### TASK GOAL
Every entry must be given again exactly. Include no pictures.

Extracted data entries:
Start of Block

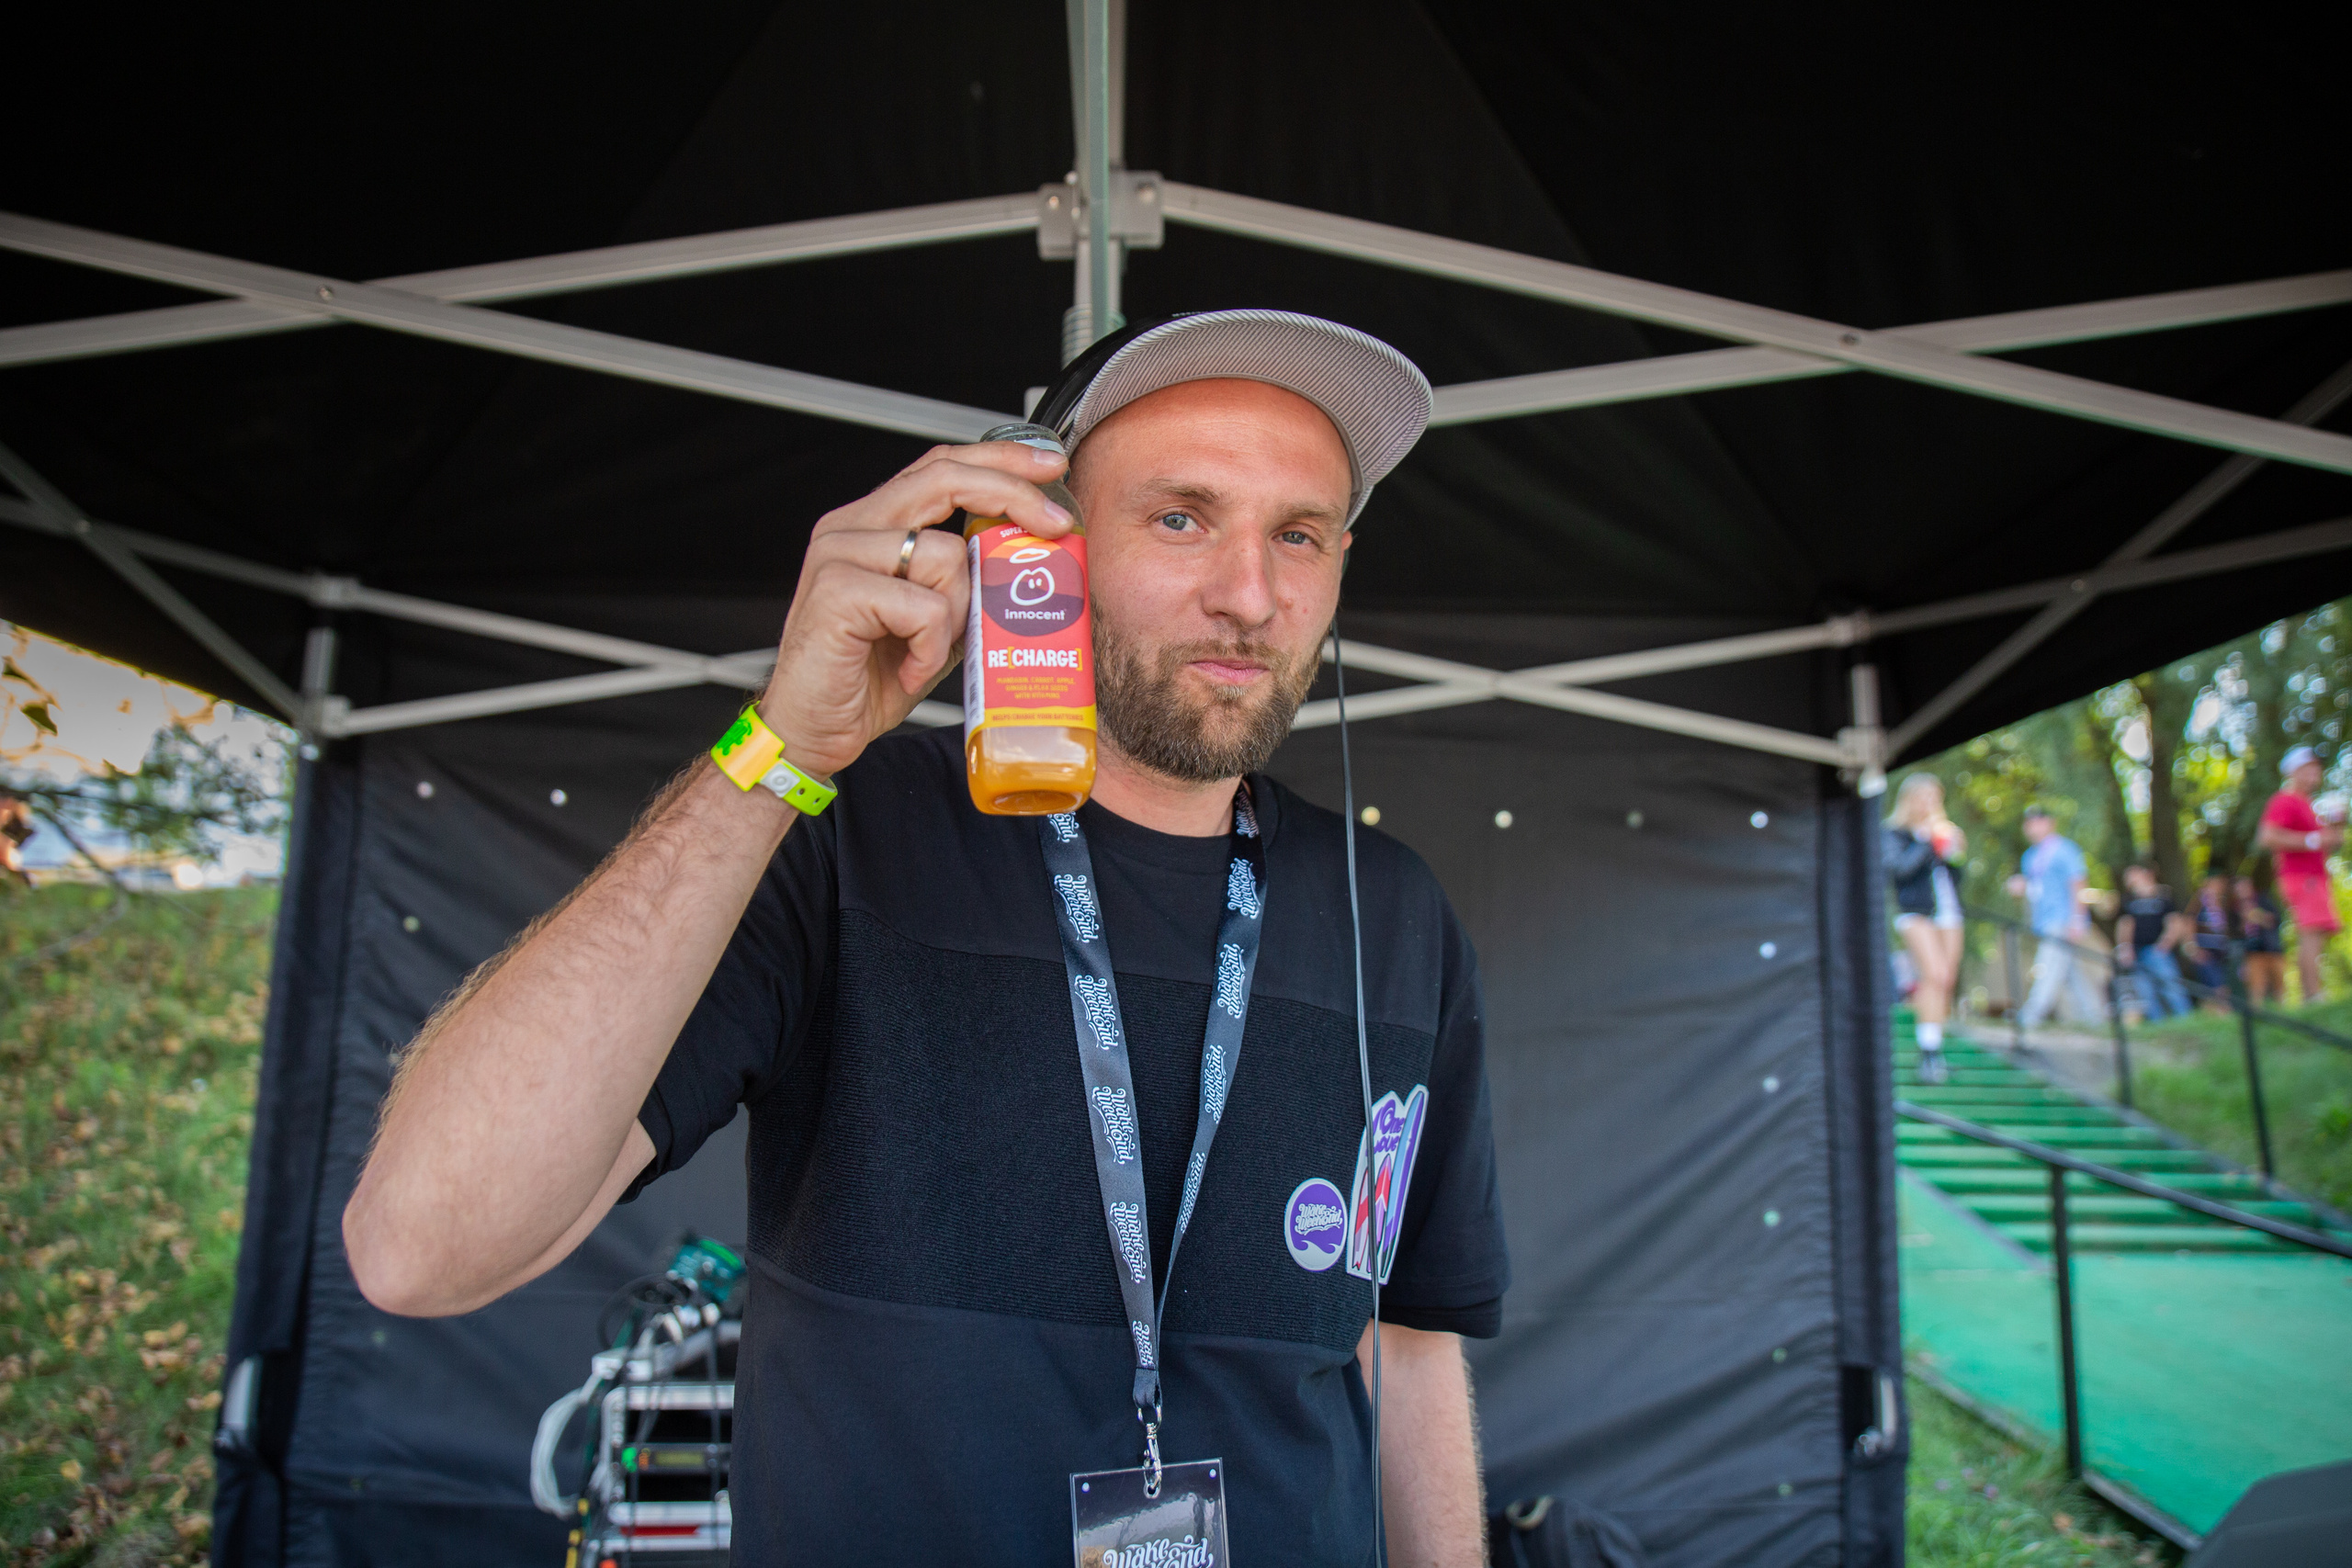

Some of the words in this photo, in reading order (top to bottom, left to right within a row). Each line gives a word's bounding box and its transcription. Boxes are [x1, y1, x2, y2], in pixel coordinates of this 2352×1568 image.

[1000, 526, 1023, 537] SUPER
[1004, 609, 1065, 621] innocent
[1374, 1099, 1406, 1135] One
[1365, 1135, 1400, 1157] ove
[1298, 1203, 1328, 1218] Wake

End of Block

### WRITTEN ANSWER
Some of the words in this photo, in reading order (top to bottom, left to right within a row). Each line gives a word's bounding box and its transcription. Boxes are [x1, y1, x2, y2], in pixel coordinates of this 2352×1568 image.

[1000, 526, 1023, 537] SUPER
[1004, 609, 1065, 621] innocent
[1374, 1099, 1406, 1135] One
[1365, 1135, 1400, 1157] ove
[1298, 1203, 1328, 1218] Wake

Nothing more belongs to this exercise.